--- WHAT THIS TASK INVOLVES ---
Every entry must reappear in your answer exactly as written, though its pictures must not.

▬▬▬

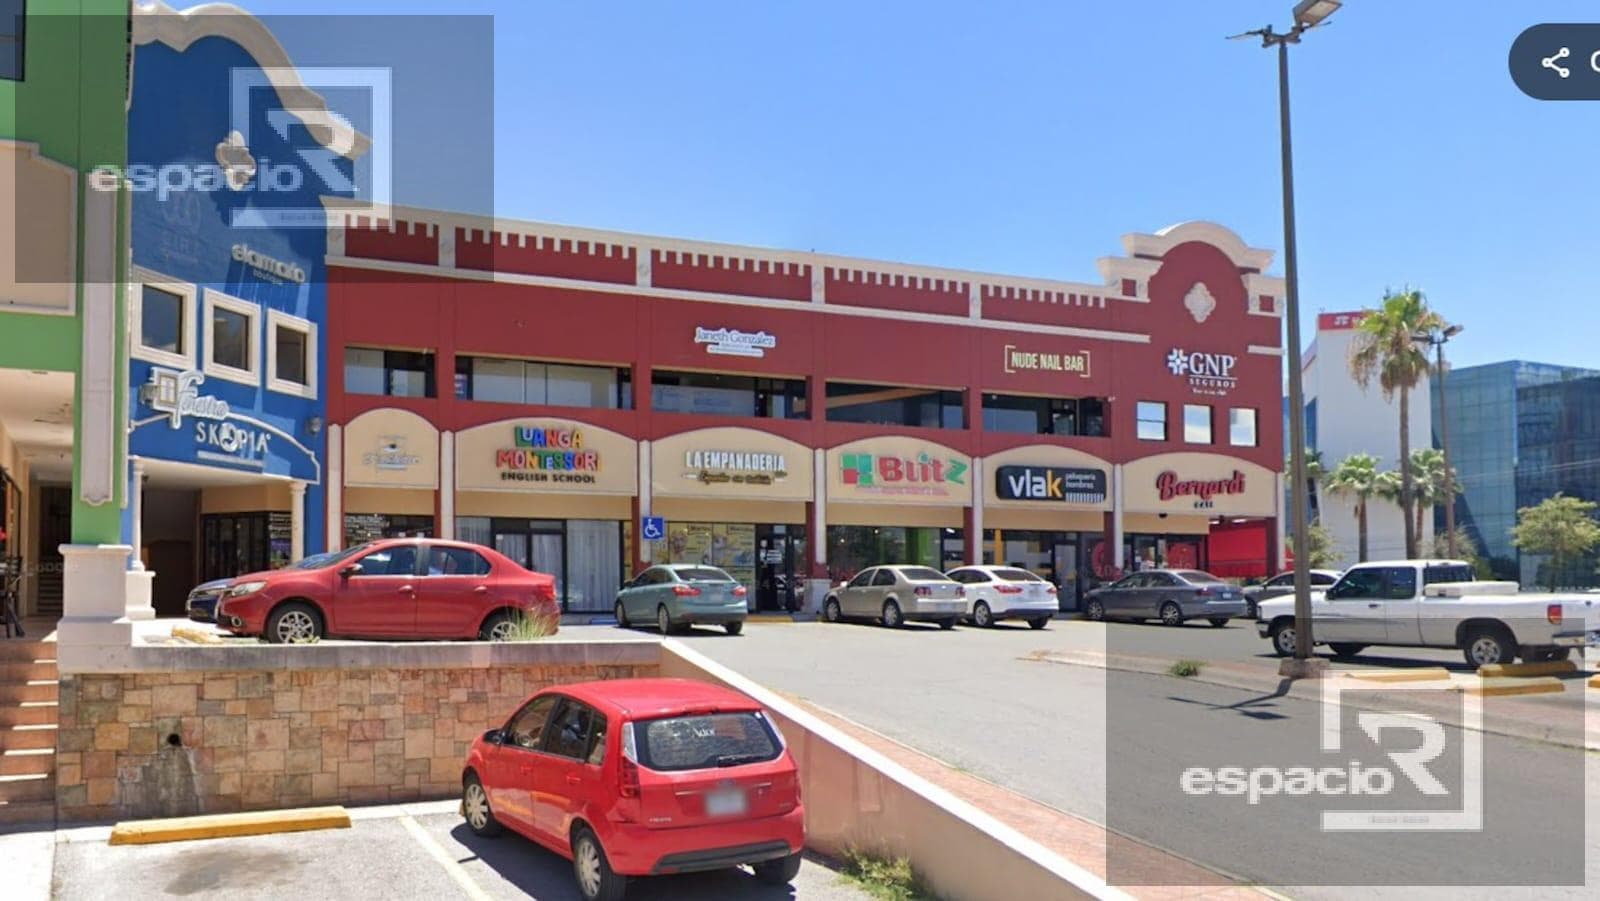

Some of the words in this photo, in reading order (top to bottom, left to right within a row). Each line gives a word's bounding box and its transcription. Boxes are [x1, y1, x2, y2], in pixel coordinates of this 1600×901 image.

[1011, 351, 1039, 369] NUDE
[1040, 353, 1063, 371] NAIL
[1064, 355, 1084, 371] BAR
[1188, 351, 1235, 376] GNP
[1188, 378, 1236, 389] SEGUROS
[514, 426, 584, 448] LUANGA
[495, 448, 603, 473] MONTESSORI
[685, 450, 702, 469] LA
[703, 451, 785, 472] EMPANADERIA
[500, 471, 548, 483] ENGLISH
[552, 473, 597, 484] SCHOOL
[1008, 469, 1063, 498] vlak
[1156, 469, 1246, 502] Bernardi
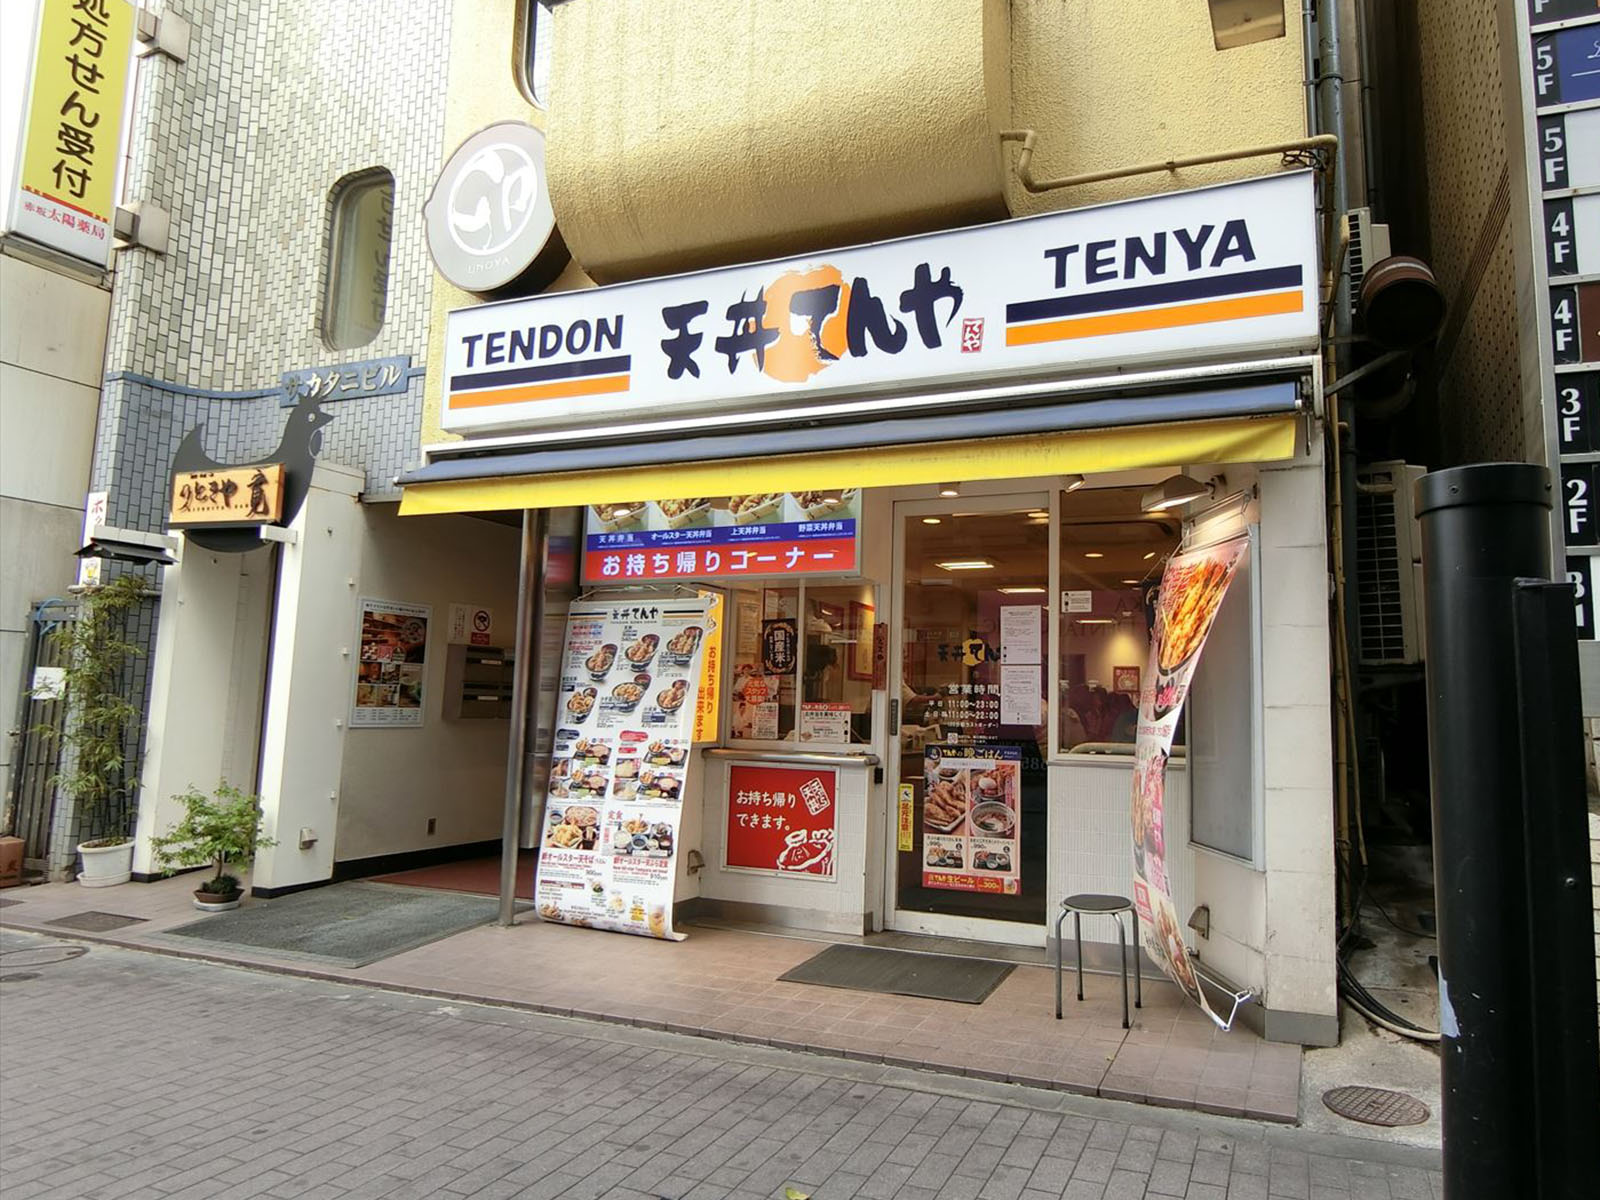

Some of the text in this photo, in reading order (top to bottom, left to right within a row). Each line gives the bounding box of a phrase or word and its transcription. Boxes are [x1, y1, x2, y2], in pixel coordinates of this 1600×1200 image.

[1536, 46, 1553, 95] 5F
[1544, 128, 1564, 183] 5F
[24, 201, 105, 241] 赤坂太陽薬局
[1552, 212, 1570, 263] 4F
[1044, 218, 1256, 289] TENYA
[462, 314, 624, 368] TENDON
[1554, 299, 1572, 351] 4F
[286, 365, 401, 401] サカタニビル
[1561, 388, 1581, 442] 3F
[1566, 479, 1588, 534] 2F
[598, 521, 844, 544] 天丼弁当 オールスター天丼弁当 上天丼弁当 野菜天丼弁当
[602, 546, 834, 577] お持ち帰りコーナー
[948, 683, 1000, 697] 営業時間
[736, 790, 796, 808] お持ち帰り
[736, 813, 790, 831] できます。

▬▬▬

--- EXERCISE SOLUTION ---
Some of the words in this photo, in reading order (top to bottom, left to right within a row). Each line gives a word's bounding box and its transcription. Boxes are [x1, y1, x2, y2], in pixel coordinates of this 1600×901 image.

[1011, 351, 1039, 369] NUDE
[1040, 353, 1063, 371] NAIL
[1064, 355, 1084, 371] BAR
[1188, 351, 1235, 376] GNP
[1188, 378, 1236, 389] SEGUROS
[514, 426, 584, 448] LUANGA
[495, 448, 603, 473] MONTESSORI
[685, 450, 702, 469] LA
[703, 451, 785, 472] EMPANADERIA
[500, 471, 548, 483] ENGLISH
[552, 473, 597, 484] SCHOOL
[1008, 469, 1063, 498] vlak
[1156, 469, 1246, 502] Bernardi

Some of the text in this photo, in reading order (top to bottom, left to right within a row). Each line gives the bounding box of a phrase or word and its transcription. Boxes are [x1, y1, x2, y2], in pixel coordinates of this 1600×1200 image.

[1536, 46, 1553, 95] 5F
[1544, 128, 1564, 183] 5F
[24, 201, 105, 241] 赤坂太陽薬局
[1552, 212, 1570, 263] 4F
[1044, 218, 1256, 289] TENYA
[462, 314, 624, 368] TENDON
[1554, 299, 1572, 351] 4F
[286, 365, 401, 401] サカタニビル
[1561, 388, 1581, 442] 3F
[1566, 479, 1588, 534] 2F
[598, 521, 844, 544] 天丼弁当 オールスター天丼弁当 上天丼弁当 野菜天丼弁当
[602, 546, 834, 577] お持ち帰りコーナー
[948, 683, 1000, 697] 営業時間
[736, 790, 796, 808] お持ち帰り
[736, 813, 790, 831] できます。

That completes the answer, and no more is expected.